Na realidade educação, saúde e segurança não têm preço e essa ótica nos remete a uma conclusão de que não há dinheiro que pague ao professor que nos ensina, ao médico que alivia nossa dor e ao soldado que arrisca a vida dele para salvar a nossa. Isso em relação ao serviço público. Na iniciativa privada os profissionais de todas essas áreas literalmente tem um preço, ou um piso salarial e, a partir daí, ganha mais quem faz por merecer, segundo as leis de mercado e as exigências por parte de quem contrata os serviços, enquanto se sentir satisfeito com a relação custo benefício.

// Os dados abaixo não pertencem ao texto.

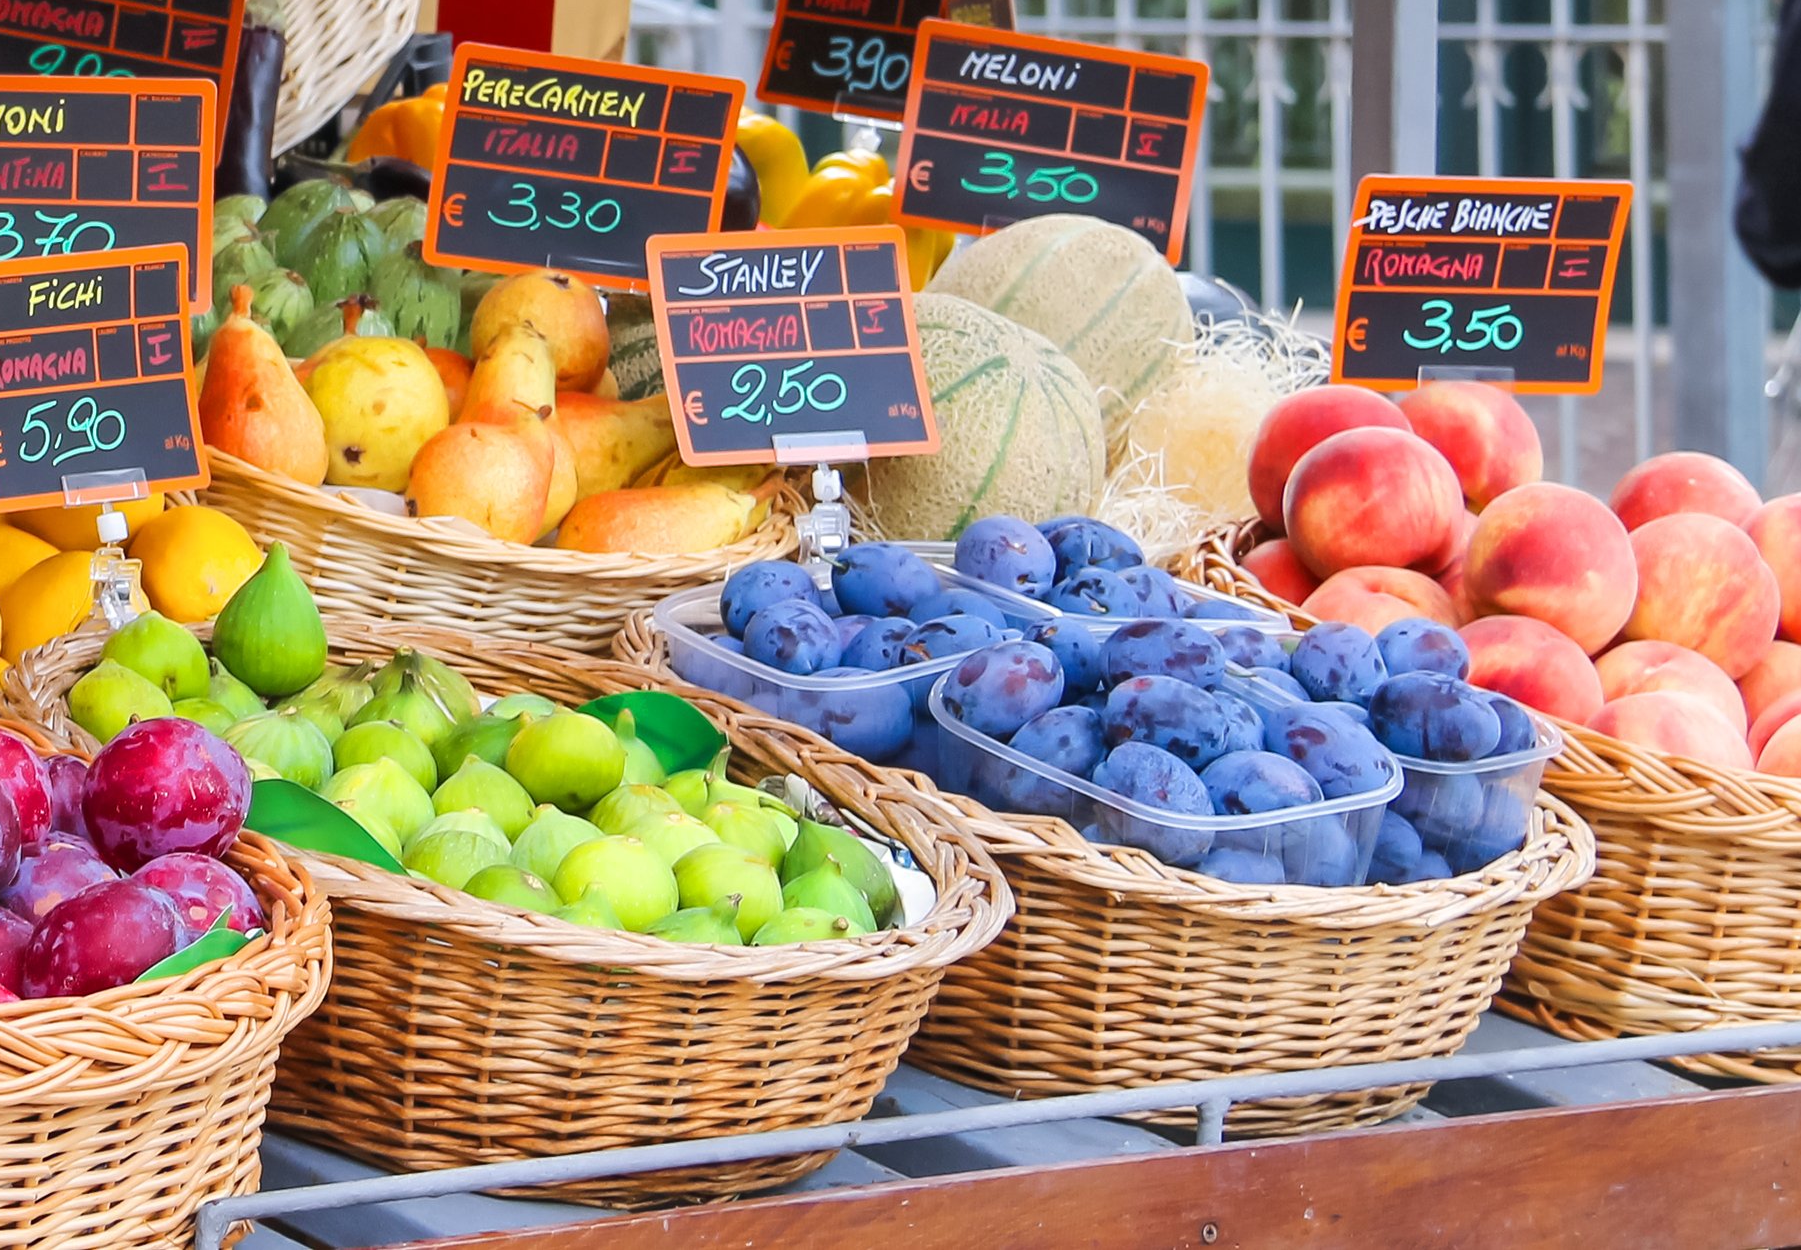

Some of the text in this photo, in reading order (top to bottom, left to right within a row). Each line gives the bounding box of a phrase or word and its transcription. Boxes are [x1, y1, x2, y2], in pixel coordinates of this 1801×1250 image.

[775, 35, 911, 94] € 3,90
[909, 160, 934, 193] €
[960, 151, 1099, 204] 3,50
[442, 182, 621, 233] € 3,30
[1353, 197, 1449, 234] PESCHE
[678, 249, 824, 296] STANLEY
[1364, 248, 1484, 287] ROMAGNA
[688, 314, 798, 353] ROMAGNA
[1347, 316, 1369, 352] €
[1403, 299, 1524, 354] 3,50
[684, 390, 709, 425] €
[721, 360, 847, 426] 2,50
[888, 404, 899, 418] al
[18, 396, 127, 466] 5,90
[164, 438, 175, 451] al

O que se fala a respeito do ensino no Brasil é uma lástima, principalmente quando, politicamente, se deseja diminuir o adversário responsável pelo mesmo naquela ocasião. Entretanto a coisa não é bem assim. Chego em Picuí PB e sou levado pelos primos, ferrenhos críticos e adversários do atual governo, inclusive porque levou a UFCG para Cuité PB, a conhecer o CEFET, que o mesmo construiu recentemente e vem funcionando quando os servidores não estão em greve, beneficiando 700 alunos daquela carente região, através de cursos profissionalizantes tão reclamados pela sociedade.
Aqui em Campina Grande, além do CEFET, foi construído e recentemente inaugurado, “de maneira definitiva”, um enorme hospital de emergência e trauma, onde, exageros a parte, precisamos de um GPS para nos locomover dentro dele e, mesmo assim, em algumas ocasiões, não é suficiente para atender a demanda de pacientes, até de estados vizinhos, que afinal também são brasileiros, inclusive após a inauguração de uma UPA.
Portanto, nada me estimula a acreditar que novos hospitais e escolas sejam privilégio justamente do estado “enteado” da federação. Porém, não há como negar que, um serviço pode ser bem ou mal avaliado, uma vez funcionando. Paralisado simplesmente não existe e o Povo Brasileiro continua pagando para que o público funcione.